Macquarie had good reasons for pursuing his emancipist policy. Apart from philosophical and humanitarian reasons, it was part of his plan for the creation of an 'ordered, civil society', especially after he decided that many of the free immigrants – the so-called 'respectable Monied Men' – were unsatisfactory settlers in a harsh frontier penal society; as well, he was disappointed at their reluctance to fraternise with ex-convicts. The ongoing 'emancipists' versus 'exclusives' conflict arose from his policies.
Aboriginal people
[media]Macquarie was interested in the welfare of the Sydney's Indigenous inhabitants, and some of his policies have been interpreted as an expression of his 'humanitarian conscience'[1]. He organised a village at Elizabeth Bay for the 'Sydney Tribe', a farm at George's Head for Bungaree and the Broken Bay people, the Parramatta Native Institution, and the annual meeting with the Eora peoples at Parramatta. Despite this, he was also responsible for giving orders for the military operation that resulted in the Appin massacre in which at least 14 men, women and children of the Dharawal people were brutally killed.
Financial innovator
[media]With the economy expanding, and with sterling flowing out continuously to pay for imports, the colony needed a stable medium of exchange, one that was 'Indigenous' to Sydney Town. Macquarie's ingenious solution, implemented in July 1813, was to stamp out the centre of the Spanish silver dollar – the Maria Theresa dollar – creating two coins, the holey dollar and the dump, that worked as currency only in the colony, in place of the notes of hand and barter previously used. At the end of 1816, despite the opposition of the British government, he encouraged the creation of the colony's first bank, the Bank of New South Wales.
Public moralist
[media]Macquarie was also concerned about 'public morality', in its widest sense. In some of his earliest orders, the prevailing habit of cohabiting without marriage was denounced; the Sydney police were reorganised and constables were directed to enforce laws against Sabbath-breaking; and a regular church parade was introduced for convicts in government employment. Closely connected with all this were his energetic establishment of schools in Sydney and elsewhere; his licensing regulations which reduced the number of public houses in Sydney alone from 75 to 20; and his seizure of clandestine stills.

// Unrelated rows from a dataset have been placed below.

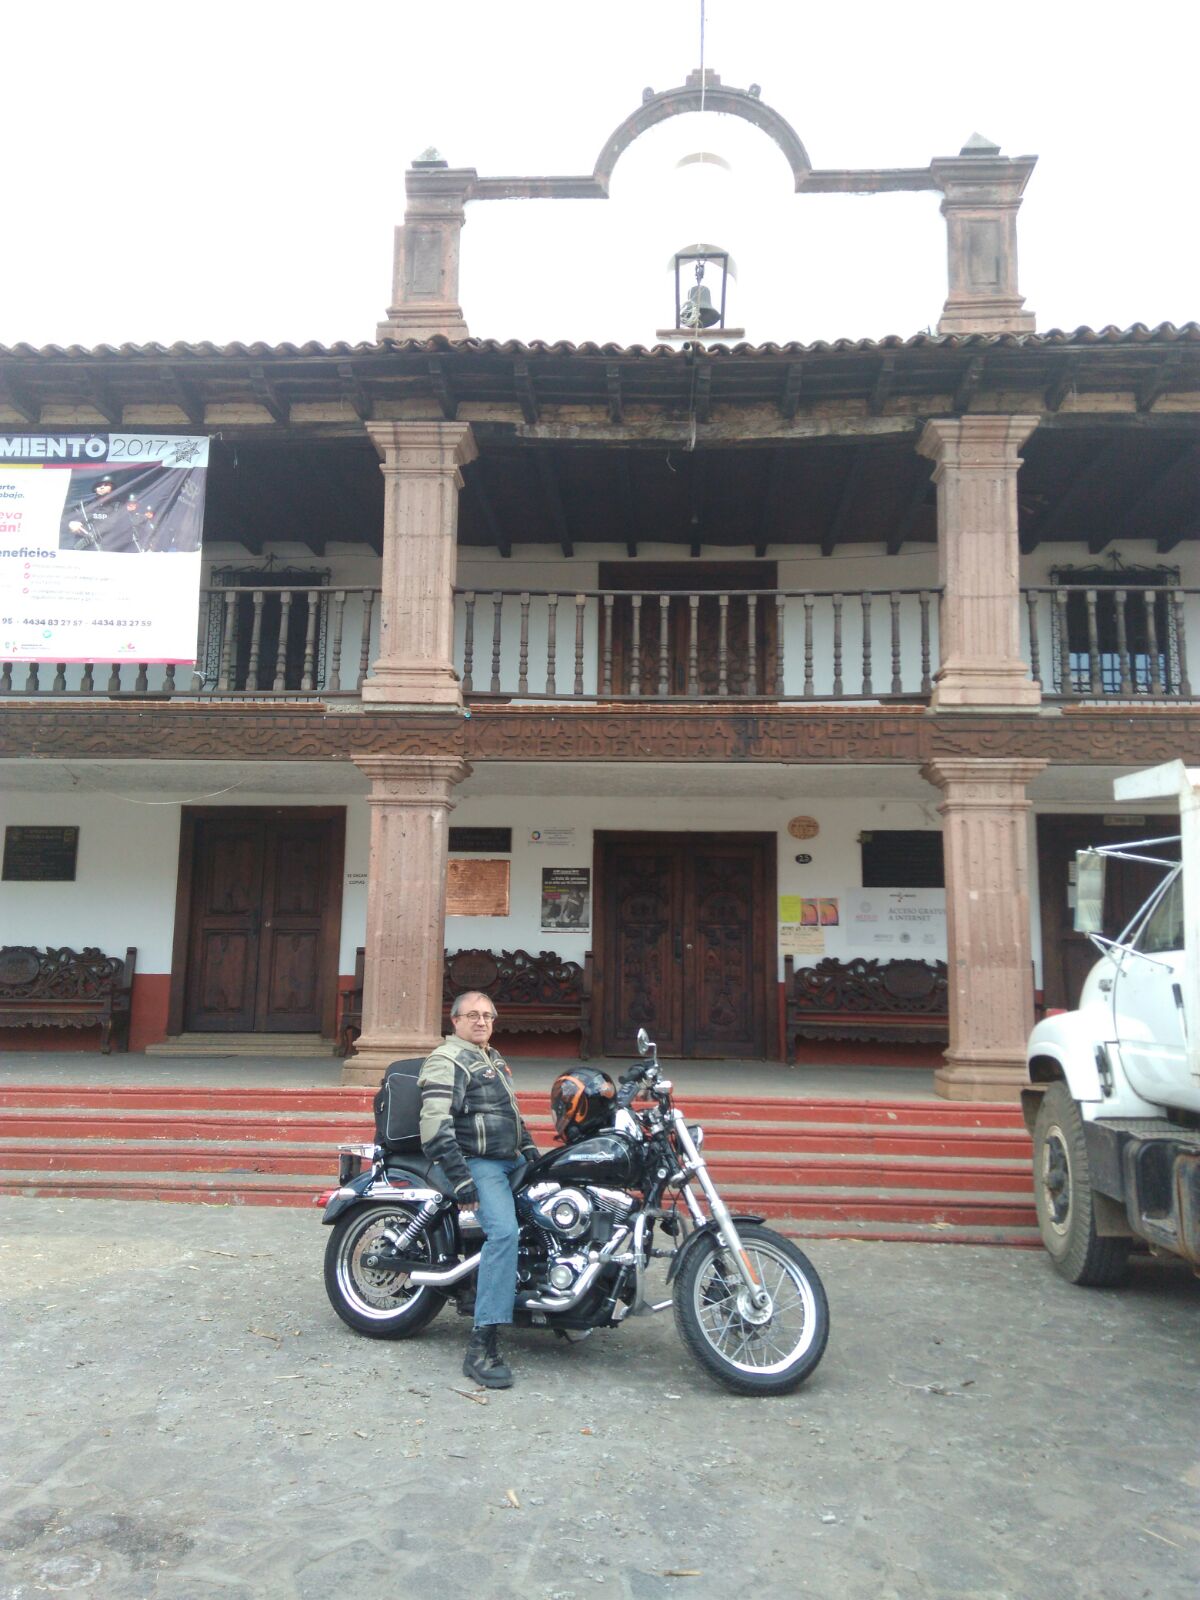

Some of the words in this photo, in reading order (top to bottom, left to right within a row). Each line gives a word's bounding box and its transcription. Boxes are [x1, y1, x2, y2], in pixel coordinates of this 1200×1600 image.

[111, 438, 169, 457] 2017
[22, 618, 46, 626] 4434
[497, 737, 712, 757] PRESIDENCIA
[724, 738, 906, 758] MUNICIPAL
[888, 907, 918, 915] ACCESO
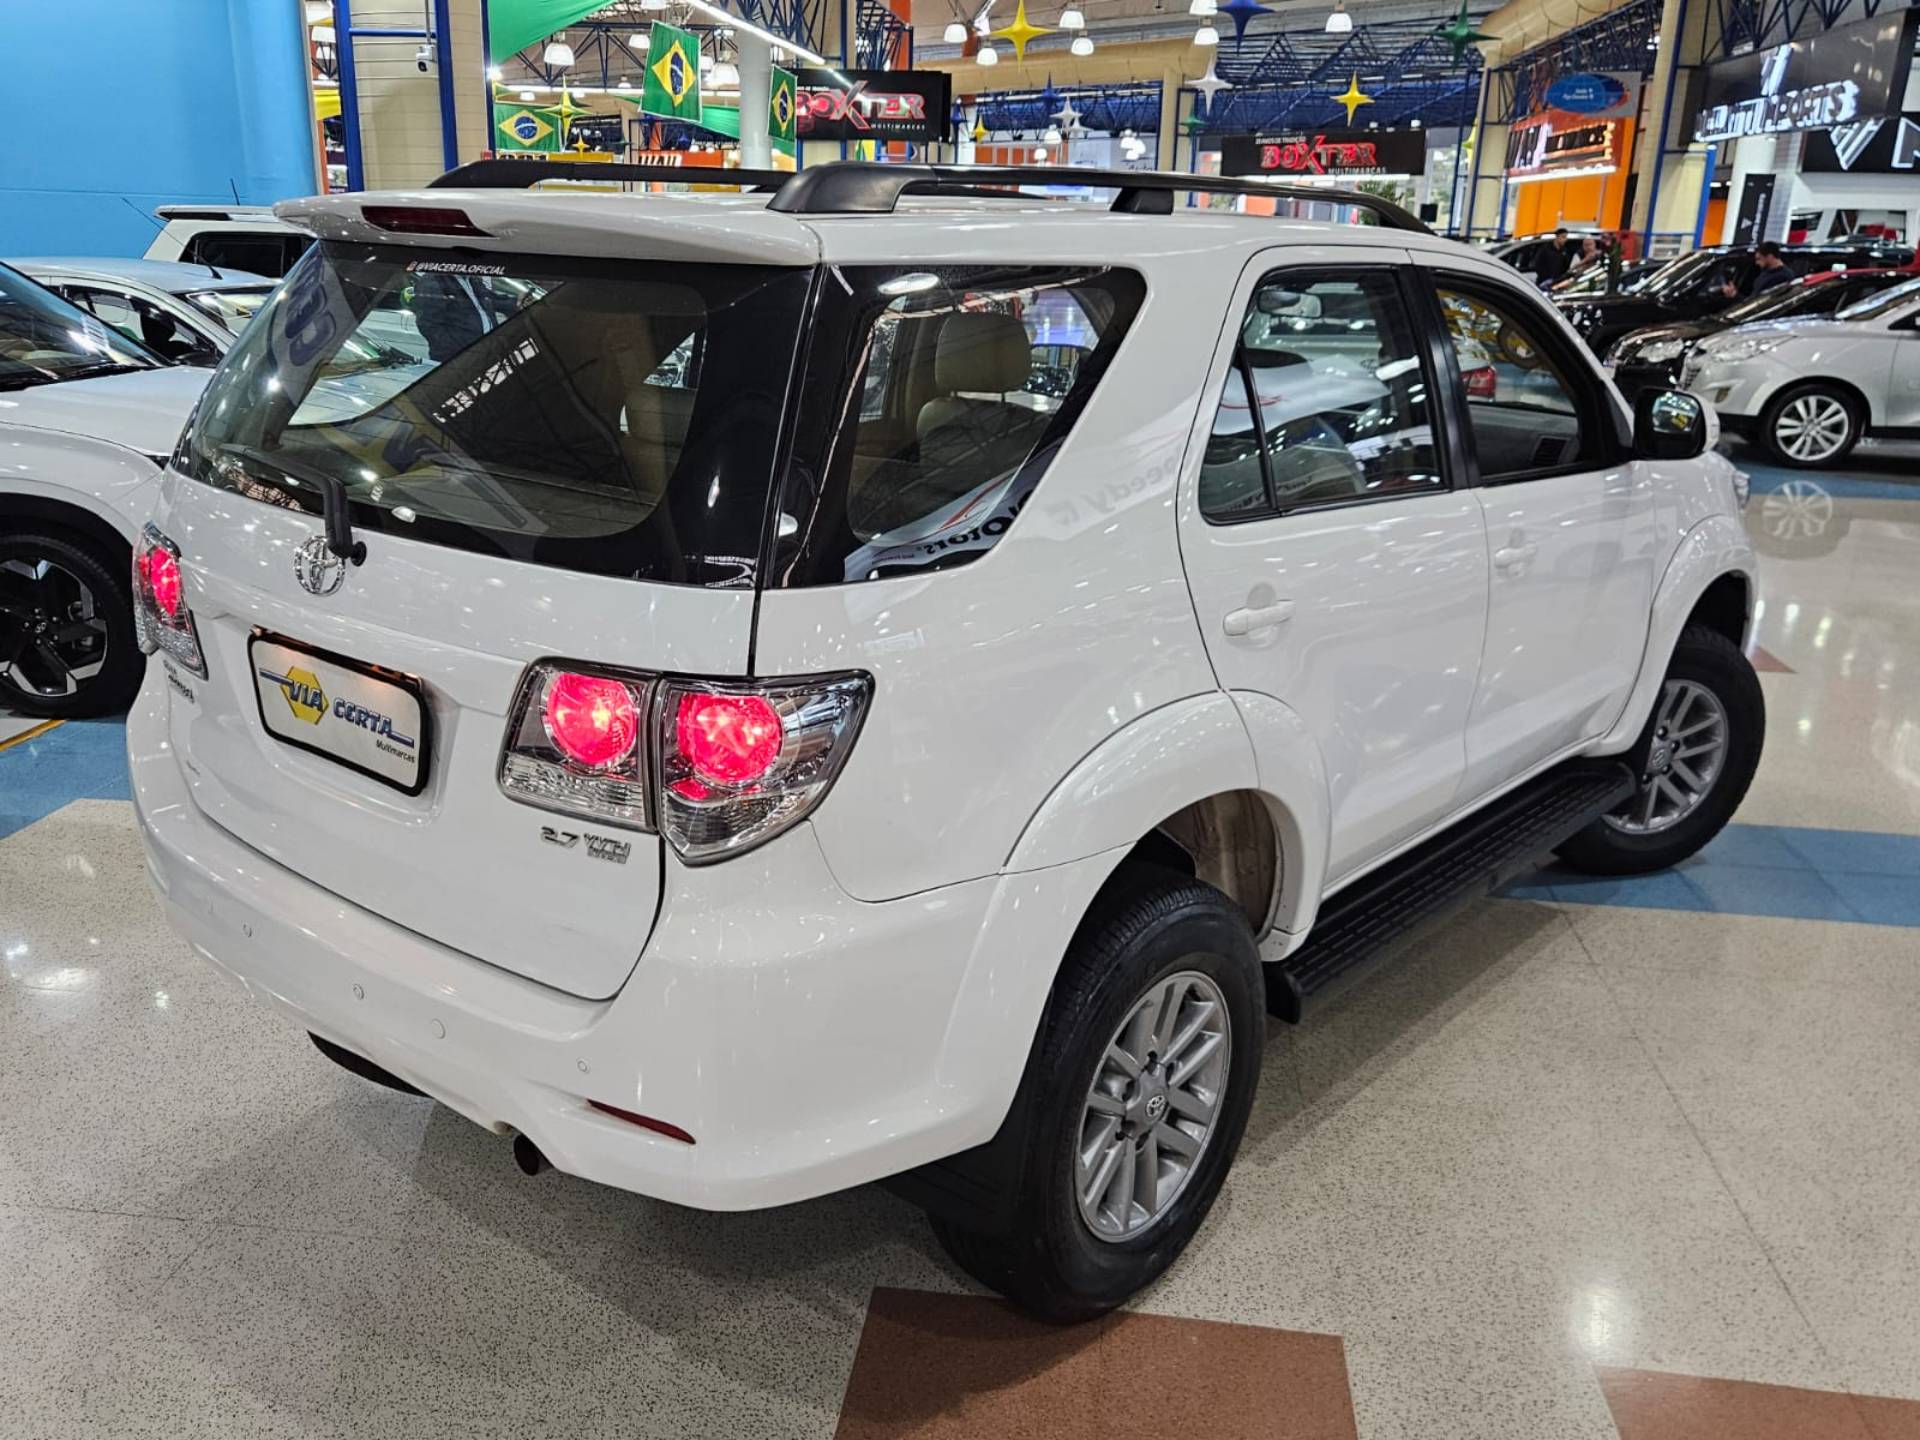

Macquarie could not, however, solve all the colony's problems. One fairly intractable one was an inability to increase agricultural production and livestock numbers, critical in a colony perennially short of food. Despite his efforts to encourage farmers to improve their holdings, the spectre of alternate glut and famine continued to threaten the colony during most of his administration.
References
ND McLachlan, 'Macquarie, Lachlan (1762–1824)', Australian Dictionary of Biography, vol 2, Melbourne University Press, Melbourne, 1967, pp 187–95
Hawkesbury Historical Society website, 'Lachlan Macquarie', http://www.hawkesburyhistory.org.au/articles/macquarie.html, viewed 19 February 2009
Parliament of New South Wales website, '1810 to 1821 – Governor Lachlan Macquarie', http://www.parliament.nsw.gov.au/prod/web/common.nsf/key/HistoryGovernorLachlanMacquarie, viewed 19 February 2009
Notes
This entry was revised in June 2020 to include additional information about Macquarie's relationship with Sydney's Aboriginal people.